Lung Cancer-Targeted Exosome Modification Service

Exosomes are nano-sized vesicles (30–150 nm in diameter) naturally secreted by cells and widely distributed in body fluids such as blood, saliva, and urine. These vesicles carry biologically active molecules including proteins, nucleic acids (mRNA, miRNA, lncRNA), and lipids, serving as vital mediators of intercellular communication. Due to their innate low immunogenicity, excellent biocompatibility, high stability, and ability to cross biological barriers, exosomes are considered ideal carriers for drug delivery. Through engineering modifications, exosomes can be endowed with precise targeting, efficient drug loading, and intelligent release capabilities, offering great potential in gene therapy, immunomodulation, and chemotherapeutic drug delivery.

 

Lung cancer remains one of the leading causes of cancer-related mortality worldwide. Traditional chemotherapy and targeted therapies often suffer from insufficient delivery efficiency, poor tumor specificity, and systemic toxicity. Leveraging the natural delivery potential of exosomes, engineered modifications can overcome these therapeutic limitations. Surface conjugation with lung cancer-specific ligands or antibodies enables precise recognition of tumor markers, significantly reducing off-target toxicity. Their nano-scale structure and penetrability allow them to cross the blood–brain barrier and dense tumor microenvironment (TME), delivering therapeutic molecules directly to the tumor core. Additionally, by encapsulating chemotherapeutic drugs or gene regulatory molecules (e.g., siRNA/miRNA), exosomes can enhance local drug concentration and modulate resistance gene expression—offering innovative strategies to overcome therapeutic resistance.

 



Chen, H. et al. Front Bioeng Biotechnol. 2023. 
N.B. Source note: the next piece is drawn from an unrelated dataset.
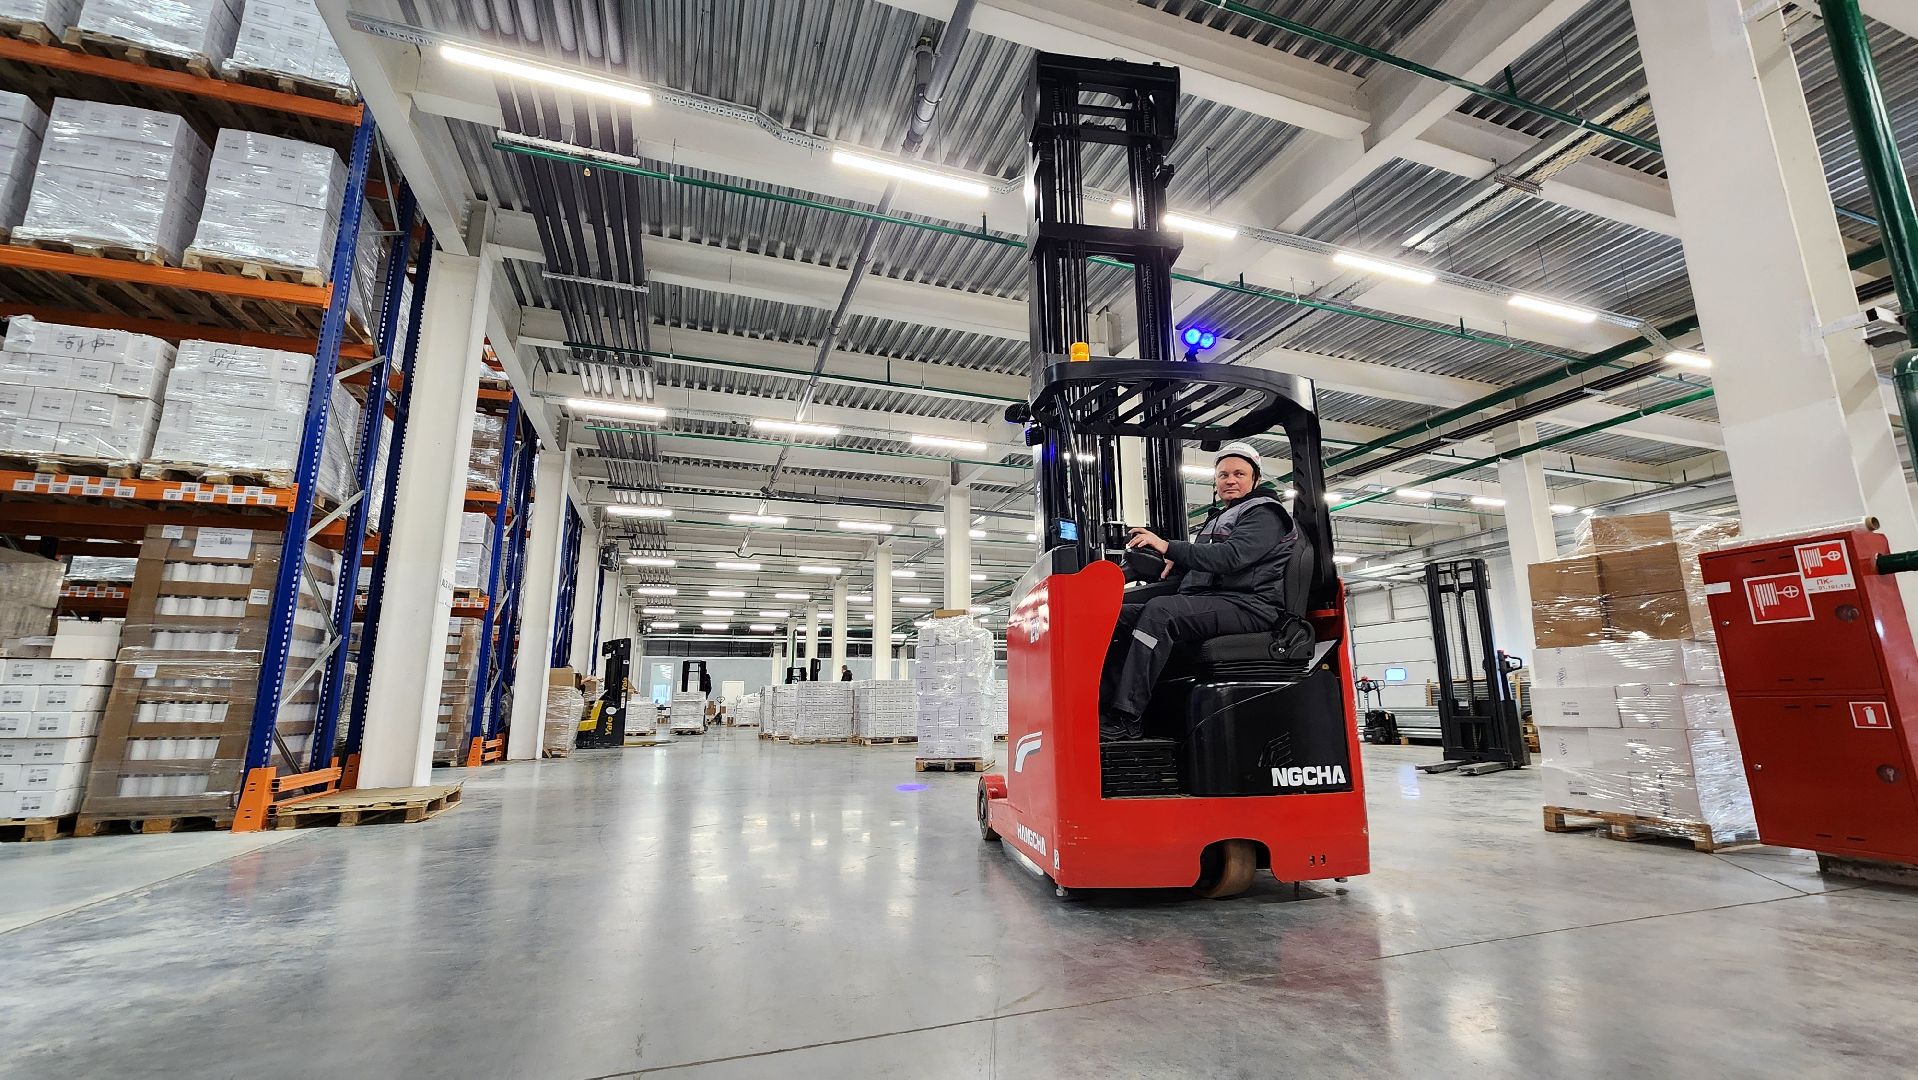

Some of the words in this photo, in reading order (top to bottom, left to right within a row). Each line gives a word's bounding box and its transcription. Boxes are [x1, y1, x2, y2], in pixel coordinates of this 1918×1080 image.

Figure 1. Workflow of Lung Cancer-Targeted Exosome Modification

 

Exosome Modification Strategies for Lung Targeting : 

1. Ligand/Antibody Conjugation: Surface coupling of lung cancer-specific ligands or antibodies to enhance targeting ability.  

2. Peptide Modification: Insertion of targeting peptides via gene engineering or chemical conjugation to bind lung-specific receptors.  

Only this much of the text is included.